PIEDILUCO in Cucina

Inutile dire che a Piediluco il pesce d’acqua dolce la fa da padrone in tavola, cucinato in tanti modi diversi. Semplici, ma assai caratteristici, sono i carbonaretti alla piedilucana, ovvero pesce (preferibilmente persico reale), cotto sulla fiamma viva, quindi, una volta abbrustolito, pulito, spinato e servito con la sola aggiunta di olio di oliva (nella zona si produce extarvergine DOP), sale, pepe e aglio. 

 

 

 

E' possibile, poi, apprezzare le tagliatelle al sugo di trota, l’anguilla allo spiedo. Né mancano abbinamenti più originali come la trota tartufata. Senza dimenticare che gli umidi sottoboschi che circondano il lago sono ricchi di tante varietà di funghi, che possono essere gustati arrostiti sul fuoco, ripassati in padella, con­servati in aceto e spezie o come condimento dell’ottima pasta lavorata a mano. Lo stesso dicasi per gli asparagi selvatici, squi­siti sulla pasta e nelle frittate. Il tutto può essere accompagnato, oltre che dalle ac­que minerali della zona (San Gemini, San Faustino, Tione, Amerina…), con i vari vini umbri DOC o IGT.

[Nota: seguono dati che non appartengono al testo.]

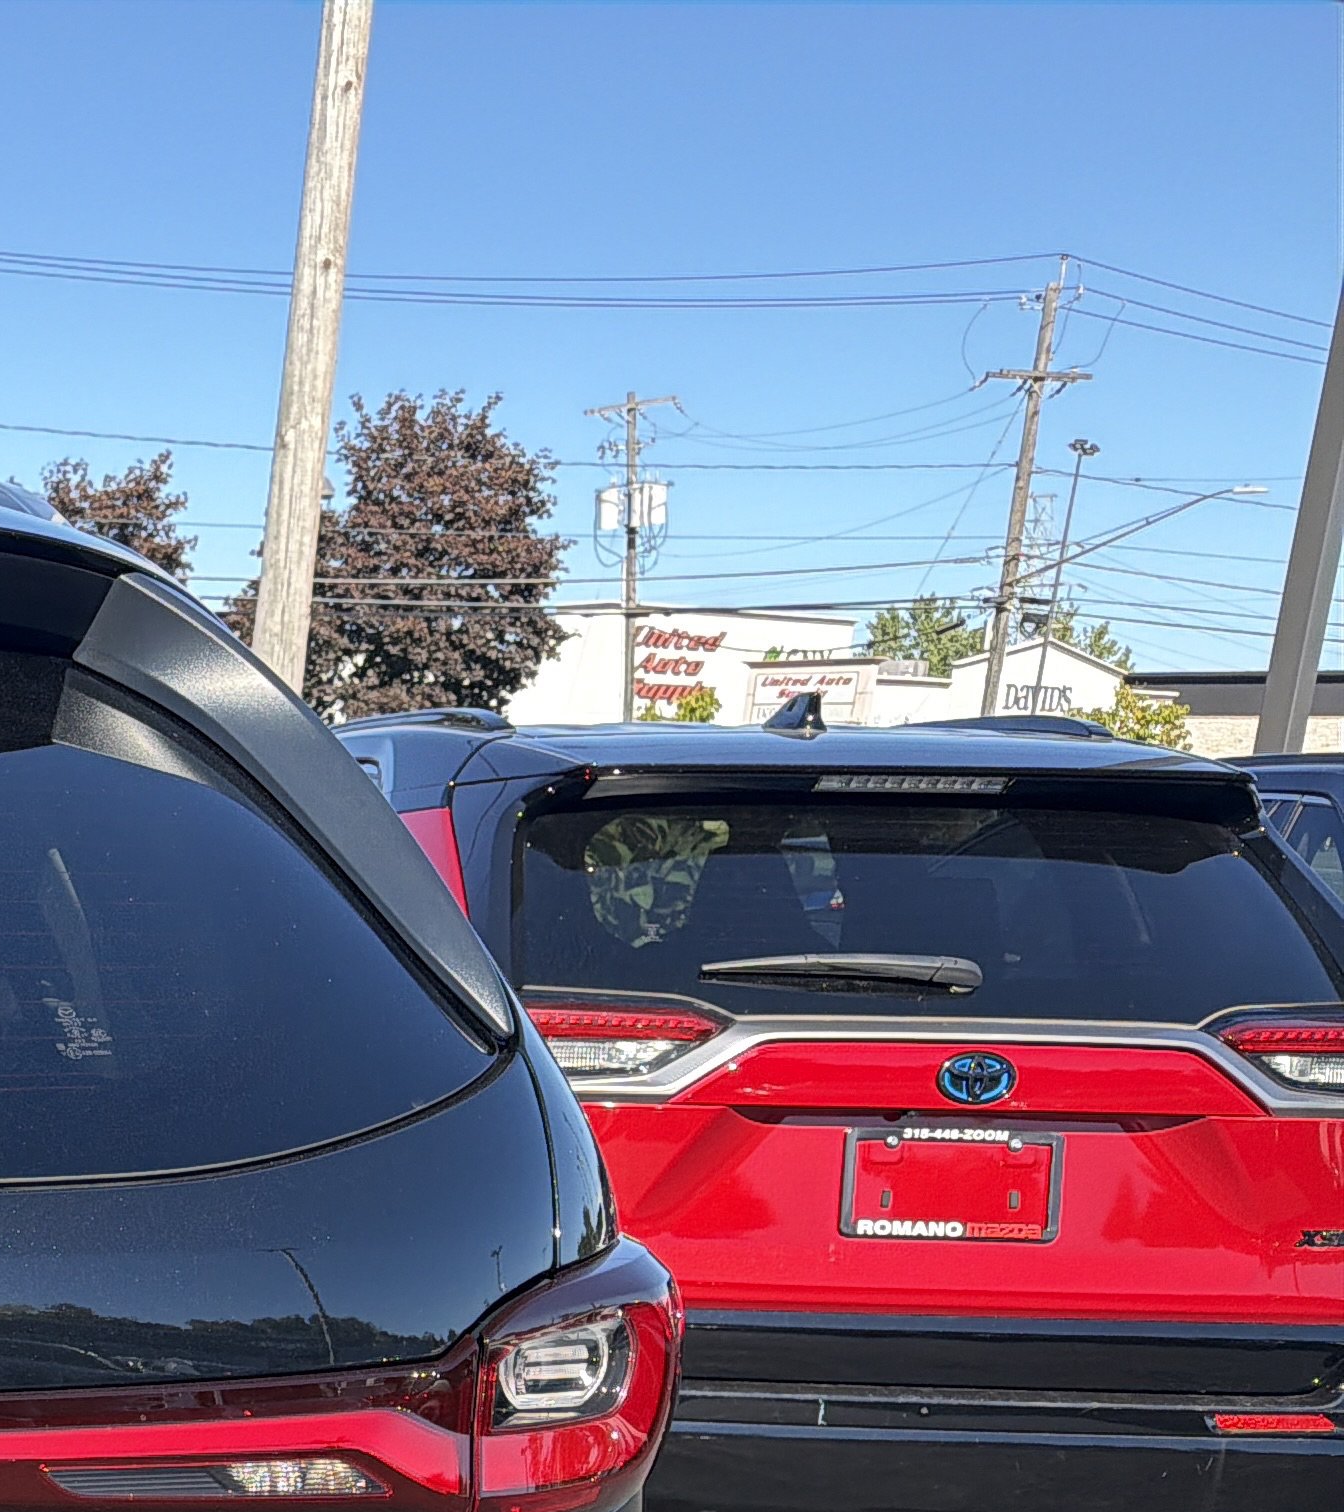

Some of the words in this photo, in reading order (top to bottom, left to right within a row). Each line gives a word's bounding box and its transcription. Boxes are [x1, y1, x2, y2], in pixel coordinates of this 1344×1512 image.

Naturalmente, nei ristoranti del luogo, oltre ai piatti propriamente piedilucani e ai salumi tipici locali, si può apprezzare la cucina “casareccia” ternana. Tra i primi piatti spiccano le ciriole, note anche come stringozzi, pasta lunga fatta in casa con sola acqua e farina, condita tradizionalmente con aglio, olio e peperoncino o anche con funghi, asparagi o tartufo. Tra le carni va menzionata la,faraona alla leccarda (la leccarda è un tegame allungato che si mette sotto l’arrosto per raccogliere il grasso che ne cola), farcita con pancetta, tagliata a pezzi, ricoperta con il passato dei suoi stessi fegatini (tolti in precedenza) e servita appoggiata su crostoni di pane abbrustolito. In genere, gli arrosti ven­gono con­diti con il pillottu, ovvero con il grasso scaldato calato len­tamente sulle carni che girano allo spiedo. A secondi cosi saporiti si accota benissimo la misticanza, un insieme di erbe di campo quali mastrici, caccialepri, grispigni, raponzoli, cicorietta, pimpinella e saprosella.

Apprezzato oltre provincia, in modo particolare a Roma, è il pane sciapo di Terni, non più fatto in casa come un tempo, ma, ancora oggi, impastato a mano e cotto in grandi forni a legna in molti panifici.

Tra i dolci, infine, anche se tipicamente natalizio, va ricordato il pampepato, una “pagnottella” composta da tantissimi in­gredienti tra cui frutta secca, cioccolato, mosto cotto e canditi.

Salutare, a fine pasto, può risultare un buon bicchiere di Viparo, liquore d’erbe, nato nel 1912 e conosciuto in tutta Italia.